◆ **Task details**
Give the records back exactly as written, but without the images.

Extracted records: Begin

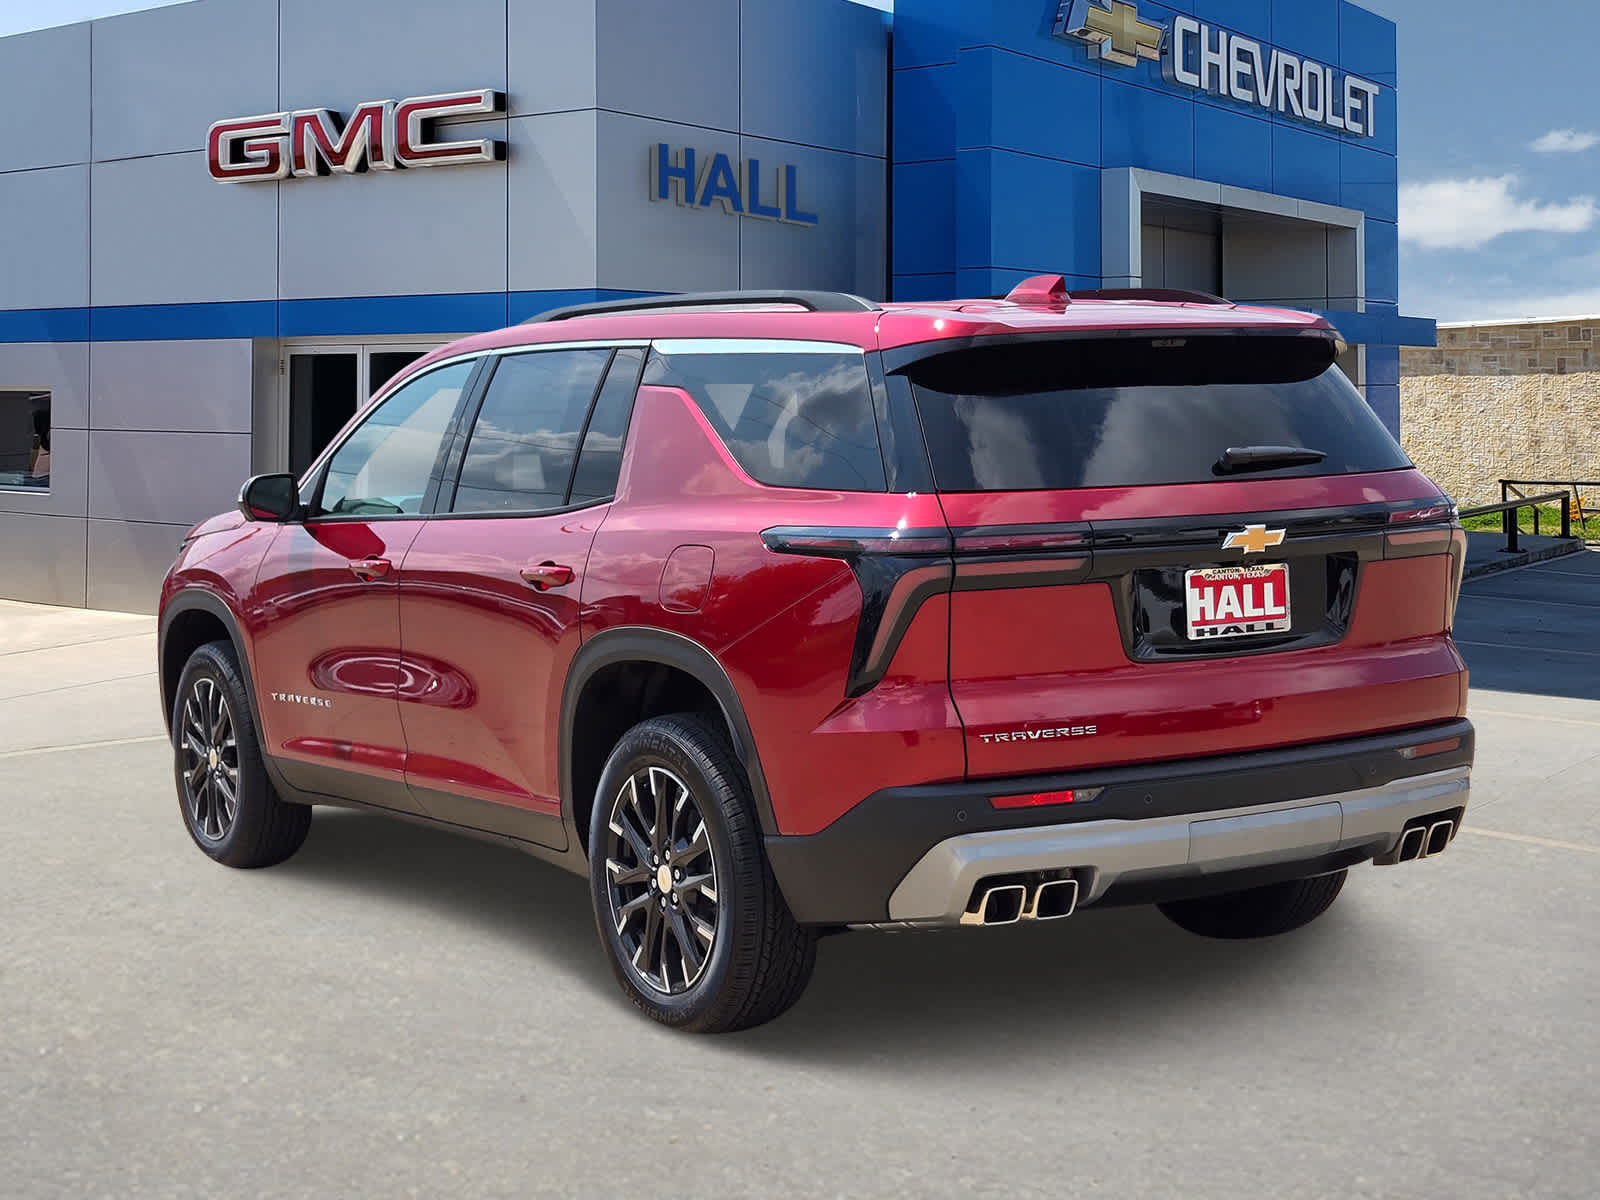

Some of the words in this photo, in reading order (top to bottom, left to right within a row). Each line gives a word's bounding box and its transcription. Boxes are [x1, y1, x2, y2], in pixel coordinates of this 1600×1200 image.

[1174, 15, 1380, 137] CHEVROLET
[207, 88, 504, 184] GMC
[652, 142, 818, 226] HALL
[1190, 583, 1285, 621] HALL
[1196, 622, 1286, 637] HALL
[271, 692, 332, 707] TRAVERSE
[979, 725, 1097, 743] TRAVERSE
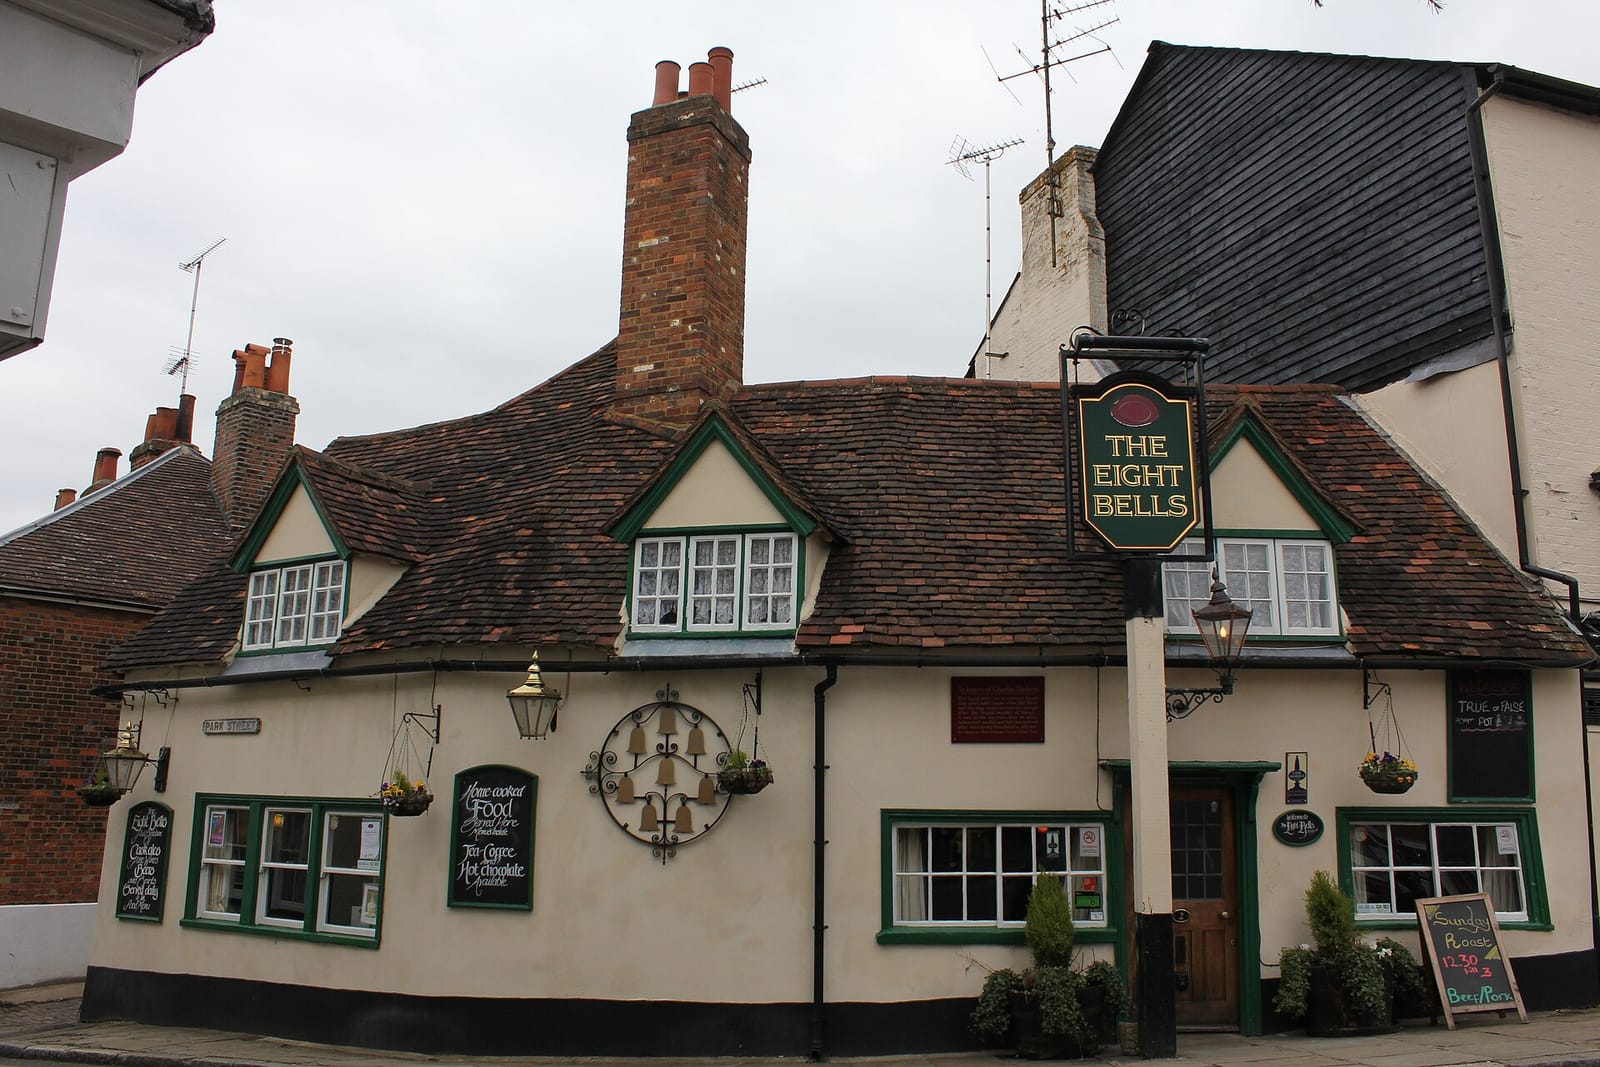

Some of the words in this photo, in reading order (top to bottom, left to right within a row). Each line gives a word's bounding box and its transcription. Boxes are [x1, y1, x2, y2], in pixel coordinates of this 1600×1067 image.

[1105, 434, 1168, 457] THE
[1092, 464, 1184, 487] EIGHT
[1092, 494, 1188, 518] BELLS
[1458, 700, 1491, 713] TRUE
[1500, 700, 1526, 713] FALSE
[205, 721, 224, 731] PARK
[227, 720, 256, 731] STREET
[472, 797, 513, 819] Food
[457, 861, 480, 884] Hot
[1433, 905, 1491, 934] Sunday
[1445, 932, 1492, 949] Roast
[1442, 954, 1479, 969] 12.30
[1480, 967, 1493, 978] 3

Extracted records: End

◆ **Answer box**
Some of the words in this photo, in reading order (top to bottom, left to right within a row). Each line gives a word's bounding box and its transcription. Boxes are [x1, y1, x2, y2], in pixel coordinates of this 1600×1200 image.

[1174, 15, 1380, 137] CHEVROLET
[207, 88, 504, 184] GMC
[652, 142, 818, 226] HALL
[1190, 583, 1285, 621] HALL
[1196, 622, 1286, 637] HALL
[271, 692, 332, 707] TRAVERSE
[979, 725, 1097, 743] TRAVERSE

Some of the words in this photo, in reading order (top to bottom, left to right within a row). Each line gives a word's bounding box and its transcription. Boxes are [x1, y1, x2, y2], in pixel coordinates of this 1600×1067 image.

[1105, 434, 1168, 457] THE
[1092, 464, 1184, 487] EIGHT
[1092, 494, 1188, 518] BELLS
[1458, 700, 1491, 713] TRUE
[1500, 700, 1526, 713] FALSE
[205, 721, 224, 731] PARK
[227, 720, 256, 731] STREET
[472, 797, 513, 819] Food
[457, 861, 480, 884] Hot
[1433, 905, 1491, 934] Sunday
[1445, 932, 1492, 949] Roast
[1442, 954, 1479, 969] 12.30
[1480, 967, 1493, 978] 3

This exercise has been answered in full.